La leggenda di Paolaccio

Cominciamo con il presentare il protagonista di questa leggenda, Paolaccio, un vagabondo senza famiglia, che si era guadagnato questo status sociale. Infatti, non possedeva niente perché non aveva mai lavorato in vita sua ed inoltre mal si comportava con chiunque incontrava. Insomma, un uomo davvero malvagio. Chiunque lo incrociava sul suo cammino cambiava strada, perché la cattiveria brillava nei suoi occhi e nessuno voleva avere a che fare con lui.

Una notte, mentre dormiva in un campo vicino Termoli, venne svegliato da una voce che ripeteva il suo nome. Una strana figura era lì che lo osservava.

“Chi diavolo sei?” chiese.

“Lo hai detto, sono proprio il diavolo. Sono venuto a proporti un patto”.

Paolaccio non si impressionò.

“Di che si tratta?” chiese di malanimo.

“Vuoi diventare ricco?” chiese a sua volta il diavolo.

“Se lo voglio? Non chiedo di meglio. E che dovrei fare in cambio?”

“Non devi fare nulla. Devi darmi solo la tua anima”

“Per questo ci sto” disse Paolaccio “Che me ne faccio dell’anima? Ma dimmi: come avrò le ricchezze?”

“Prima firma il patto e poi te lo dirò” rispose Belzebù.

Paolaccio così fece, firmando il diabolico contratto con una bella “x”, dato che non sapeva né leggere e né scrivere.

“Bene” gongolò il demonio, “Ed ora stai a sentire. La vedi quella rete? Ti servirà per pescare”

“Bella roba!” esclamò Paolaccio “Come se i pesci dessero la ricchezza!”

I pesci che ti farò pescare io, sì” proseguì il diavolo “Sono pesci bianchi e rosei che hanno una specialità: quella di inghiottire i tesori accumulati nelle navi sommerse: gemme stupende, monete d’oro e altre rarità. Sono pesci che stanno al mio servizio, pronti a farsi pescare dai miei protetti. Tu ora lo sei e quindi puoi pescarne quanti ne vuoi. Dovrai soltanto dire, immergendo la rete: Fortuna, vieni su, te l’ordino nel nome
del grande Belzebù”.

La curiosità era tanta, così Paolaccio non aspettò un altro minuto e dopo aver lanciato la rete e pronunciato la frase, la ritirò. Era piena dei pesci descritti dal diavolo. Tutti erano pieni di smeraldi, rubini, oro e ogni forma di ricchezza.

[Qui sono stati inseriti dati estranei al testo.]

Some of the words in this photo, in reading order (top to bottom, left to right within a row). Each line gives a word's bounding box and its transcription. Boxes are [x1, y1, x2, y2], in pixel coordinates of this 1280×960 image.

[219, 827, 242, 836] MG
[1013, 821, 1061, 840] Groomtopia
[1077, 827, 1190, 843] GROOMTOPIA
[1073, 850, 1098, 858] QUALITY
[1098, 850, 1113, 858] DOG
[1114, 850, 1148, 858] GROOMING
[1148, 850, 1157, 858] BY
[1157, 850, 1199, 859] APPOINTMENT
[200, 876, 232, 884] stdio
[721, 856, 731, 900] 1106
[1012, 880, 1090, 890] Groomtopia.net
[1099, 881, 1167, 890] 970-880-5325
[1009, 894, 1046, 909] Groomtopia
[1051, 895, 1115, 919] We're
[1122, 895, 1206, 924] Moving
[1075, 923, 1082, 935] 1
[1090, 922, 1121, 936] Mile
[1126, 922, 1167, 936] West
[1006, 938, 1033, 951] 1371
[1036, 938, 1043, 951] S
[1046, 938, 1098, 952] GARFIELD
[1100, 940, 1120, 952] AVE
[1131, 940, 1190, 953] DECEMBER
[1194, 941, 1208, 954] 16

 “Questa sì che è una ricchezza!” esclamò soddisfatto Paolaccio.

Da quella notte il tenore di vita dello scontroso Paolaccio cambiò: comprò un principesco palazzo, cominciò ad organizzare sontuose feste, circondandosi di ogni lusso. Cambiò profondamente, diventando generoso con tutti, pensando di essere ora diventato un grande uomo. Tutto era perfetto.

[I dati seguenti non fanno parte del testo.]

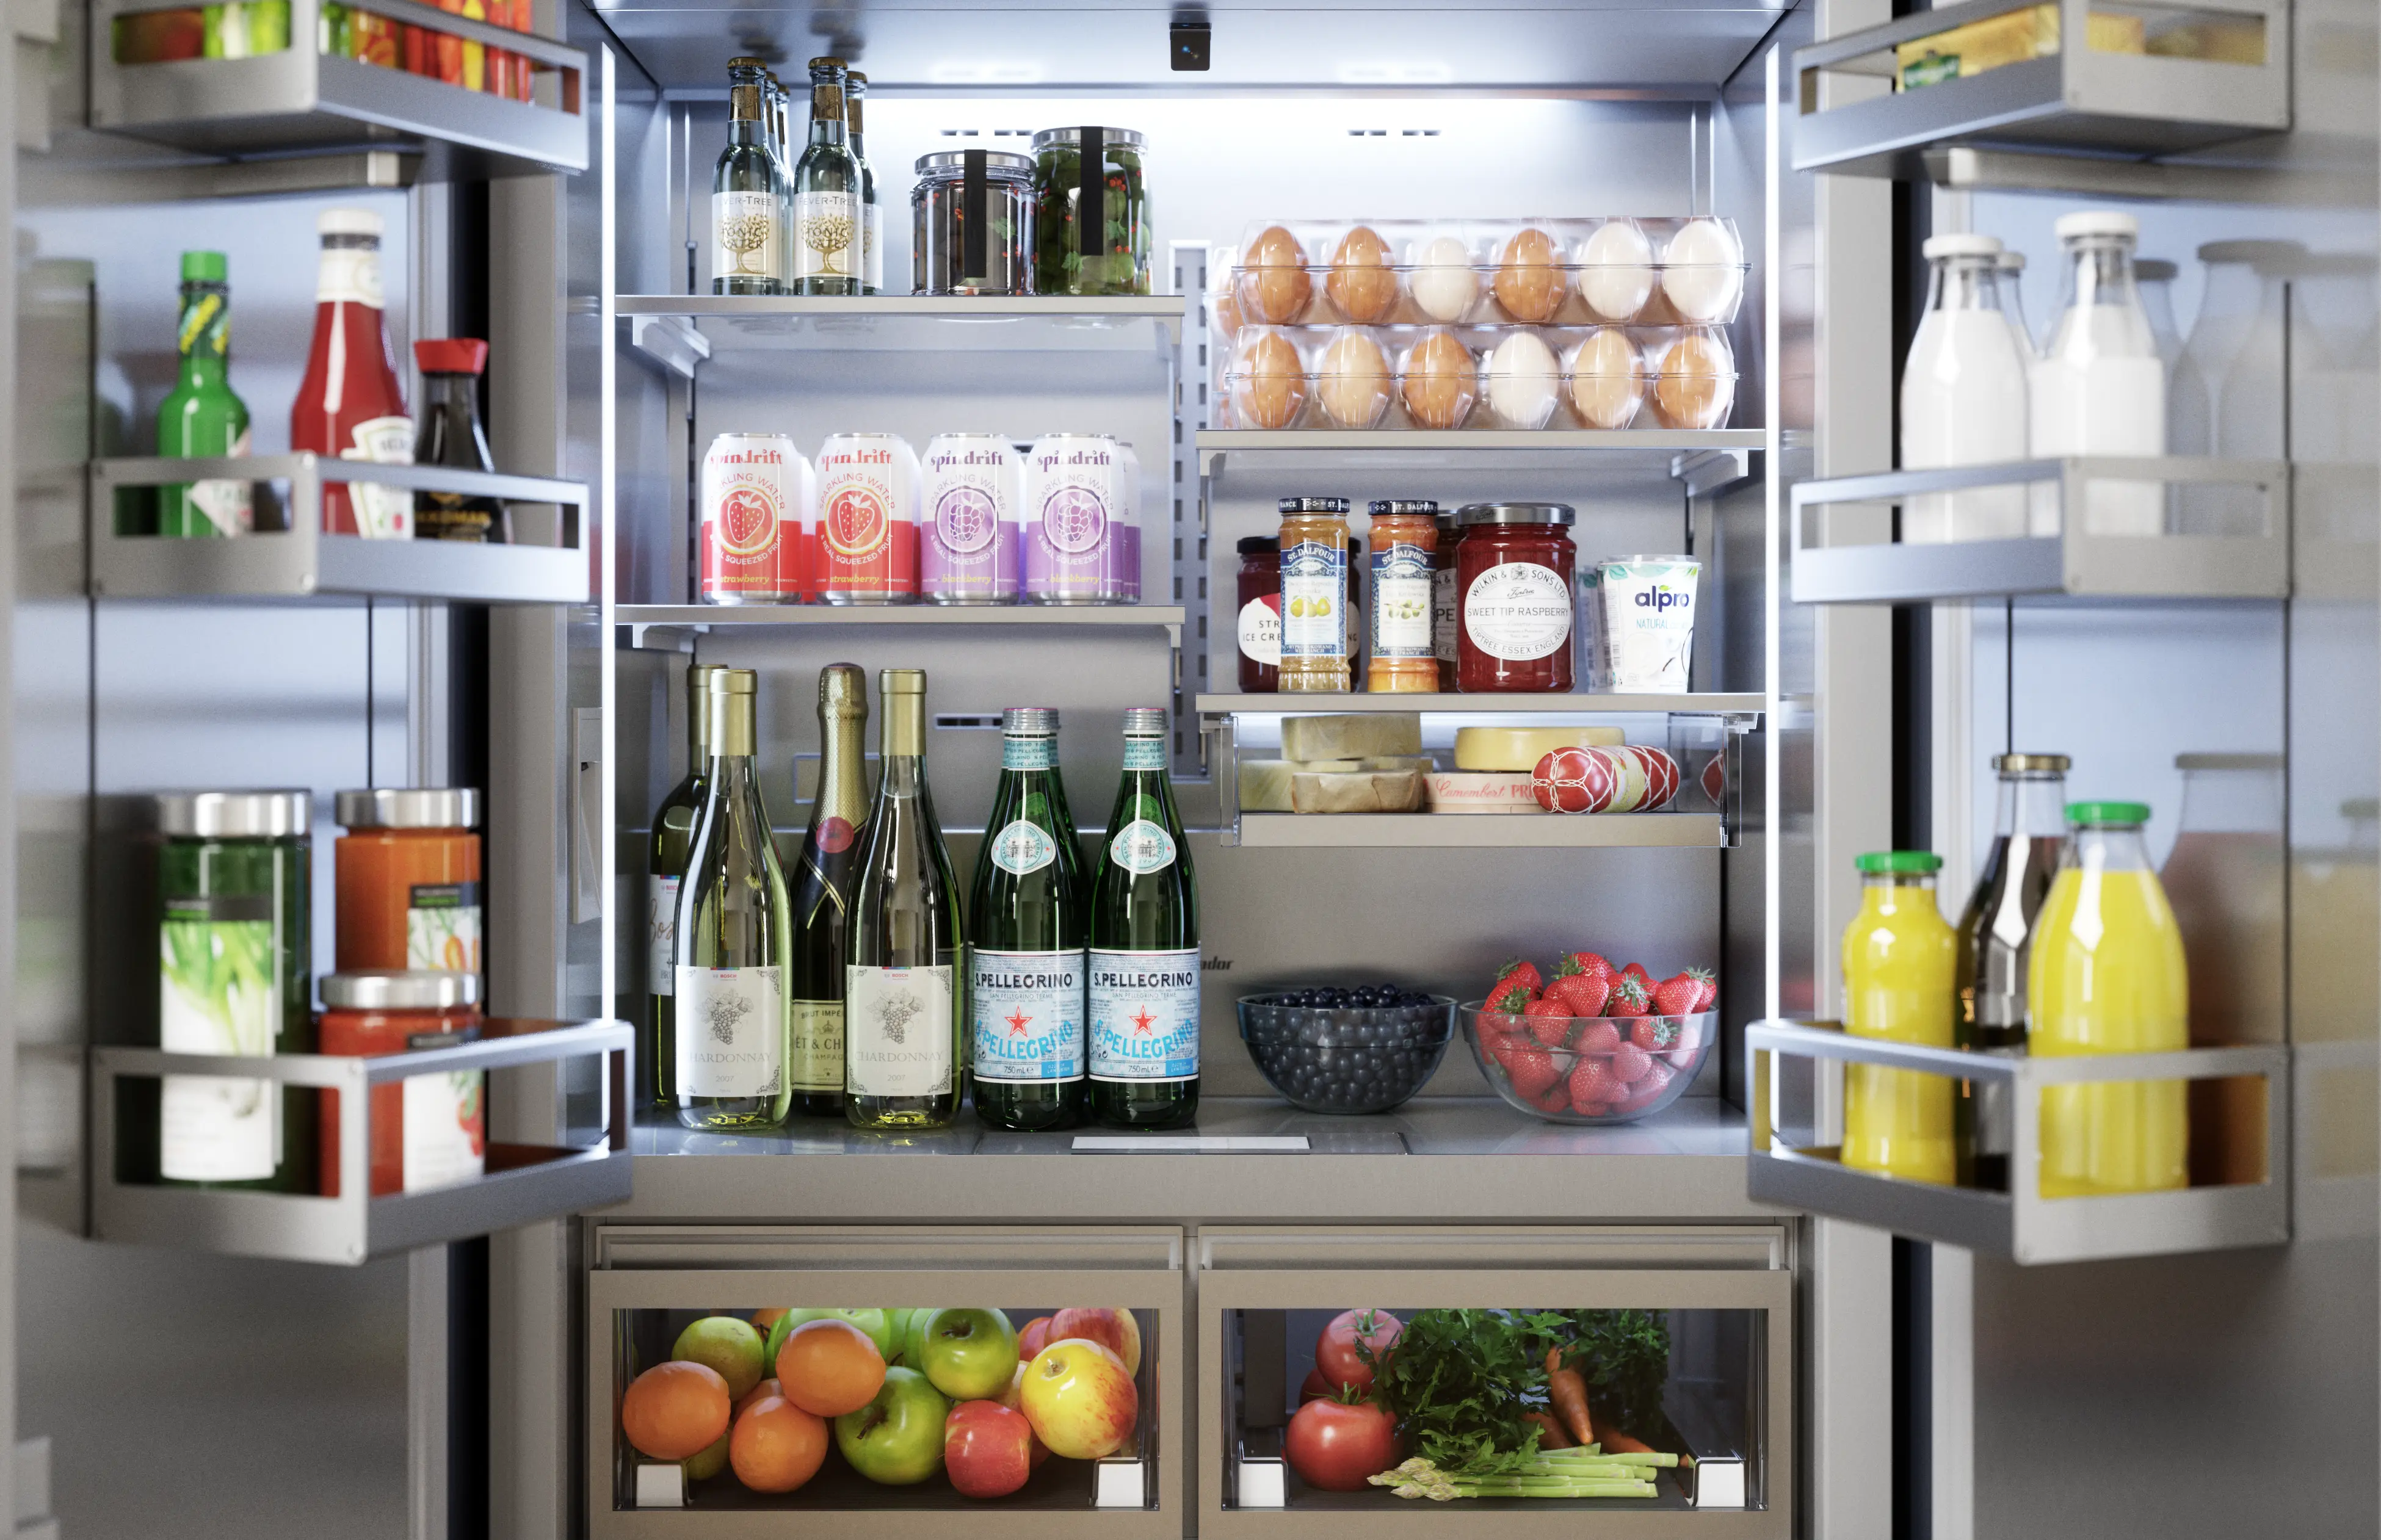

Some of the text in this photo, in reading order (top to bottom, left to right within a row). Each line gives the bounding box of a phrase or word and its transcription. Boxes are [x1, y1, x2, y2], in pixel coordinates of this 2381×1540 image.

[722, 196, 772, 206] VER-TREE
[806, 228, 847, 237] TONIC
[805, 240, 849, 249] WATER
[821, 449, 892, 472] spindrift
[930, 450, 1003, 472] spindrift
[758, 476, 785, 510] WATER
[819, 472, 895, 510] SPARKLING WATER
[929, 473, 1006, 511] SPARKLING WATER
[725, 552, 768, 565] SQUEEZED
[835, 552, 878, 565] SQUEEZED
[948, 552, 990, 565] SQUEEZED
[1298, 548, 1335, 562] DALFOUR
[1393, 551, 1428, 566] DALFOUR
[830, 574, 880, 585] strawberry
[1471, 573, 1498, 597] WILKIN
[1531, 569, 1553, 586] SONS
[1554, 584, 1566, 598] LTD
[1634, 585, 1689, 612] alpro
[1467, 607, 1568, 616] SWEET TIP RASPBERRY
[1636, 618, 1668, 629] NATURAL
[1473, 626, 1498, 651] TIPTREE
[1502, 646, 1531, 654] ESSEX
[1535, 626, 1566, 653] ENGLAND
[1436, 778, 1506, 798] Camembert
[976, 973, 1072, 988] S.PELLEGRINO
[1094, 972, 1192, 987] S.PELLEGRINO
[812, 1038, 819, 1050] &
[824, 1038, 841, 1050] CH
[976, 1019, 1073, 1060] S.PELLEGRINO
[1094, 1019, 1193, 1058] S.PELLEGRINO
[690, 1052, 772, 1063] HARDONNAY
[855, 1051, 943, 1063] CHARDONNAY

Un giorno, proprio durante una festa nel suo palazzo principesco si presentò al suo cospetto uno strano individuo, vestito di stracci. Paolaccio lo riconobbe e si avvicinò esclamando: “Che sei venuto a fare, qui?”

“Lo sai” rispose Belzebù, “Sono venuto per il nostro contratto che, per l’appunto, scade oggi…”

“Vattene” supplicò Paolaccio impaurito, “Vattene via, lasciami!”

“Eh, caro mio! Non posso. I patti sono patti. Io ti ho dato la ricchezza, tu te la sei goduta, ed ora è tempo che tu mi dia la tua anima”.

Dopo queste parole ci fu un grande boato e Paolaccio cadde a terra senza vita.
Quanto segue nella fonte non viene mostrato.